Social Media: From Now On

After my experience with the social media blackout, and taking time to analyze my behavior in depth, I have concluded that I am addicted to Instagram. I can't say that I'm addicted to Snapchat or Facebook because I can imagine not going a while without them. However, it would be difficult for me to give up Instagram for longer than 48 hours. The feeling of missing out on new posts from my friends urges me to frequently click on the app. Also, my desire to take cute, aesthetic, likable pictures and post them for my friends to see keeps me constantly active on Instagram. I'm always looking for the perfect moment to take a picture that is "Instagram worthy." For example, this last Christmas my boyfriend got us tickets to the Enchant light maze. I was excited to see the lights and get in the Christmas spirit, but the main focus for me was to get a cute picture for Instagram. As we walked through the lights, I searched for the perfect place to take that "Instagram worthy" picture that would be liked by everyone who saw it. This proved that I let Instagram have too big of a voice in my life. Although I spend more time on social media than I probably should, I am aware that it can be a huge distraction and has many consequences. One consequence has stood out to me, concerning my own "addiction" to Instagram: I miss out on what is going on in the environment around me. It's so easy for me to pull my phone out of my pocket and get on Instagram when I am walking through campus, waiting for my food in a restaurant, and even sitting in the living room with my family. One day I might look back on these days of my life, wishing I payed more attention to the places and people around me, even in the simplest, every-day situations. I have relied on Instagram as a comfort and stimulator in my down time, when I really need to focus more of my attention on my surroundings.

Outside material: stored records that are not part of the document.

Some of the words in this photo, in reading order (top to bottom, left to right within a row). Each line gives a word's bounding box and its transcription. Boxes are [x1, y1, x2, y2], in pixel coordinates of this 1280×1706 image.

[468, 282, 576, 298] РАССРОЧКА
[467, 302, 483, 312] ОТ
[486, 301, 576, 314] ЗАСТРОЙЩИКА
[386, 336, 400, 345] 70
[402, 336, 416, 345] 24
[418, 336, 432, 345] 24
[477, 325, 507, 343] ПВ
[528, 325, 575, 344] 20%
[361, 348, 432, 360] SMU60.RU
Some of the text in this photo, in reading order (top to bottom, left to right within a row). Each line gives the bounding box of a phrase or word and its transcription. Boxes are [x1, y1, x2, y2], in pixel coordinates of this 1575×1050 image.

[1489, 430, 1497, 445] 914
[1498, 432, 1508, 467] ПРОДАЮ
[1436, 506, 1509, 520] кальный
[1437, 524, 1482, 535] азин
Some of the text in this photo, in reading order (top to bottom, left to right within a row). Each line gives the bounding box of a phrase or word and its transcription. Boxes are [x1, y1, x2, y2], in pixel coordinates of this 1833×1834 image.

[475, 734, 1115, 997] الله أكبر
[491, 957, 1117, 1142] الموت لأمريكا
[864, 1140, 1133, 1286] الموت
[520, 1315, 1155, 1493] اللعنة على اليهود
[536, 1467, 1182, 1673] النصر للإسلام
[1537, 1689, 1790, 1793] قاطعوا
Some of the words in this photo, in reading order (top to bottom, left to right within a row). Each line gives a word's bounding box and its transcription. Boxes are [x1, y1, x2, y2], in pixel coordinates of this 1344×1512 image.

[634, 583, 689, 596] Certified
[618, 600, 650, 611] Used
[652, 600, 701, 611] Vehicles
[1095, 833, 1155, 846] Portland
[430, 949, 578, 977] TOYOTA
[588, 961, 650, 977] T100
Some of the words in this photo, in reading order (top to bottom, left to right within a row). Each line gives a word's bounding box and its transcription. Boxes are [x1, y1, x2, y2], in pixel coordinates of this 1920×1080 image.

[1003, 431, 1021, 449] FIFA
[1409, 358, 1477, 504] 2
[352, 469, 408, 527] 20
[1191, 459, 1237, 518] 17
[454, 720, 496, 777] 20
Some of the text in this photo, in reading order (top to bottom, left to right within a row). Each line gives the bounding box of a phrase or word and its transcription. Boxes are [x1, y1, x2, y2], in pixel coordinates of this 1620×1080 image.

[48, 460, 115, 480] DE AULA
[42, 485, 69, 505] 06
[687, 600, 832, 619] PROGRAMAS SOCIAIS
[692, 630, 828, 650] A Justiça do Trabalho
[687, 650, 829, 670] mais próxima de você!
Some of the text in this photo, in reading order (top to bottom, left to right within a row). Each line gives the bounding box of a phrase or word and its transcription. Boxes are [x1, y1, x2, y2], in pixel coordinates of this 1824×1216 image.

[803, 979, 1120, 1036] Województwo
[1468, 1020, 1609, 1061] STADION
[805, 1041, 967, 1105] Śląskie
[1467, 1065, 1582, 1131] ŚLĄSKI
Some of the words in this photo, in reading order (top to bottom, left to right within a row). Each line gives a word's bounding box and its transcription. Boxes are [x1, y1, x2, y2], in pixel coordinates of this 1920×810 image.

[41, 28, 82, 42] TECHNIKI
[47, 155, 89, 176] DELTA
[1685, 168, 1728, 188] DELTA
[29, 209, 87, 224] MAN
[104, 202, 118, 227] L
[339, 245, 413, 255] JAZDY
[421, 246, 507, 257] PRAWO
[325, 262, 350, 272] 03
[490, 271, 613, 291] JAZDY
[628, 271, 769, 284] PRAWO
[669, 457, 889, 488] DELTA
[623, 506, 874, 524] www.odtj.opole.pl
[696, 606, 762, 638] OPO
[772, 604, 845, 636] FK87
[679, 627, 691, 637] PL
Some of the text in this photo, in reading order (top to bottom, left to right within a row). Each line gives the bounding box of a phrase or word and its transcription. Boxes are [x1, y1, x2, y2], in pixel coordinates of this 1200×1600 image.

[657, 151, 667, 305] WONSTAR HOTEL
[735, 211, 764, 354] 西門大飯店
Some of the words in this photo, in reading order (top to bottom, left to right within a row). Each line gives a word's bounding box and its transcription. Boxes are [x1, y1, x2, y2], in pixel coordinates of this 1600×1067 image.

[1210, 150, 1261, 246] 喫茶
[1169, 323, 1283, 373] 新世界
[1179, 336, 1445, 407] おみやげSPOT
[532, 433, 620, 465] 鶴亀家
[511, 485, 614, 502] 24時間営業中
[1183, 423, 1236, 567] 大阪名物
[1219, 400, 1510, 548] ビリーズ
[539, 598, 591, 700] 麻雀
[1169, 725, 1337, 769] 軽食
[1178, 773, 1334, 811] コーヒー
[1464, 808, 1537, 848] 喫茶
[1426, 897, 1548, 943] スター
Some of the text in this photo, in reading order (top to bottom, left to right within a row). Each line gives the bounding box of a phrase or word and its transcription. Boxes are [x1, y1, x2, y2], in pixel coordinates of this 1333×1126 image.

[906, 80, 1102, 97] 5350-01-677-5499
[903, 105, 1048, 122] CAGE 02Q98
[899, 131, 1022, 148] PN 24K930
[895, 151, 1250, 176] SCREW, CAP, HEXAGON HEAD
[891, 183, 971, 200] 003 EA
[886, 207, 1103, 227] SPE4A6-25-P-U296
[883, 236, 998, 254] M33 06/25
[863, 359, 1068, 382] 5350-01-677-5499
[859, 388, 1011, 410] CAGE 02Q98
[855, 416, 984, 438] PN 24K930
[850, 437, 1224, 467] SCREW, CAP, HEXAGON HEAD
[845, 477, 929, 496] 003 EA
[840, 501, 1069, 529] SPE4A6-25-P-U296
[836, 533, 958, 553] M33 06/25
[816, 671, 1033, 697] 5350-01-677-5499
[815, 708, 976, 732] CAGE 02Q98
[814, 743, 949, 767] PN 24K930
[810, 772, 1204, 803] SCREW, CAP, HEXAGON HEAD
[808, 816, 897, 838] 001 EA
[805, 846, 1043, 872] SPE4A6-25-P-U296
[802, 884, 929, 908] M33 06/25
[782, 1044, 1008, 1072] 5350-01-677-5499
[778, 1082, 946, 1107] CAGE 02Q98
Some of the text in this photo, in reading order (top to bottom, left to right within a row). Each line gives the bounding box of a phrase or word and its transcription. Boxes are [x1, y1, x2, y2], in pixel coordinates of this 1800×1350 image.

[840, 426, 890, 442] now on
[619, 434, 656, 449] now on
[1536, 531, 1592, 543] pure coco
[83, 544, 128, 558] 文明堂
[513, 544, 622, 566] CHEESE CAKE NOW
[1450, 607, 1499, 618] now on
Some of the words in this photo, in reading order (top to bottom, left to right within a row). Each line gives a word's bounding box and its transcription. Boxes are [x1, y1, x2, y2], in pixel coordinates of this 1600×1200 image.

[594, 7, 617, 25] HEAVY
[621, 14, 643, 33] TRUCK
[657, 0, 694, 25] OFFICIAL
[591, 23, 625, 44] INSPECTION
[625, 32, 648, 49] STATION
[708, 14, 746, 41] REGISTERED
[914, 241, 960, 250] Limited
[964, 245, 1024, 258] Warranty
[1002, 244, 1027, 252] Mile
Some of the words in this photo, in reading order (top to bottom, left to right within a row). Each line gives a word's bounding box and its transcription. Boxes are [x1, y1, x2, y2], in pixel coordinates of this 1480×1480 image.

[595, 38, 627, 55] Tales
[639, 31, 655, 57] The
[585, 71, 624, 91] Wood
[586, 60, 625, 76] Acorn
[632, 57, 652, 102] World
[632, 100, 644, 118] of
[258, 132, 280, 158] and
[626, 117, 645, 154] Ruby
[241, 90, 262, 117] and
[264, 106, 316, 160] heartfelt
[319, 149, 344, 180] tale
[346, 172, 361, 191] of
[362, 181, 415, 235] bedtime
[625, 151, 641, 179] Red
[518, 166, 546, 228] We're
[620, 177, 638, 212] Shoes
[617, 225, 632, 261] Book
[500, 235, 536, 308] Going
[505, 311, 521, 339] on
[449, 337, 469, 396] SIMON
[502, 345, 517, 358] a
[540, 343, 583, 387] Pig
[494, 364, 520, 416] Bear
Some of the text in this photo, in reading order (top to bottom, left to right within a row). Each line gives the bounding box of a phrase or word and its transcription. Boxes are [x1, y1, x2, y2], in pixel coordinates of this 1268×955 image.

With that said, I think picking up my phone to use social media has become a habitual thing in my life. Sometimes I feel like it's a natural reflex to reach for my phone the minute I get out of class or have down time. I think it has become a bad habit in the way that it can take away from my awareness of my surroundings, as stated earlier. However, I think it's also had positive impacts on my life. As I have mentioned before, I love following fashion bloggers on Instagram, and am working toward creating my own fashion blog soon. Instagram is a great source for this hobby and profession because not only does it get your name out there as a blogger, it lets you share what you love and value. It helps create a part of your identity if you use it the right way, and I have felt this through my own Instagram page.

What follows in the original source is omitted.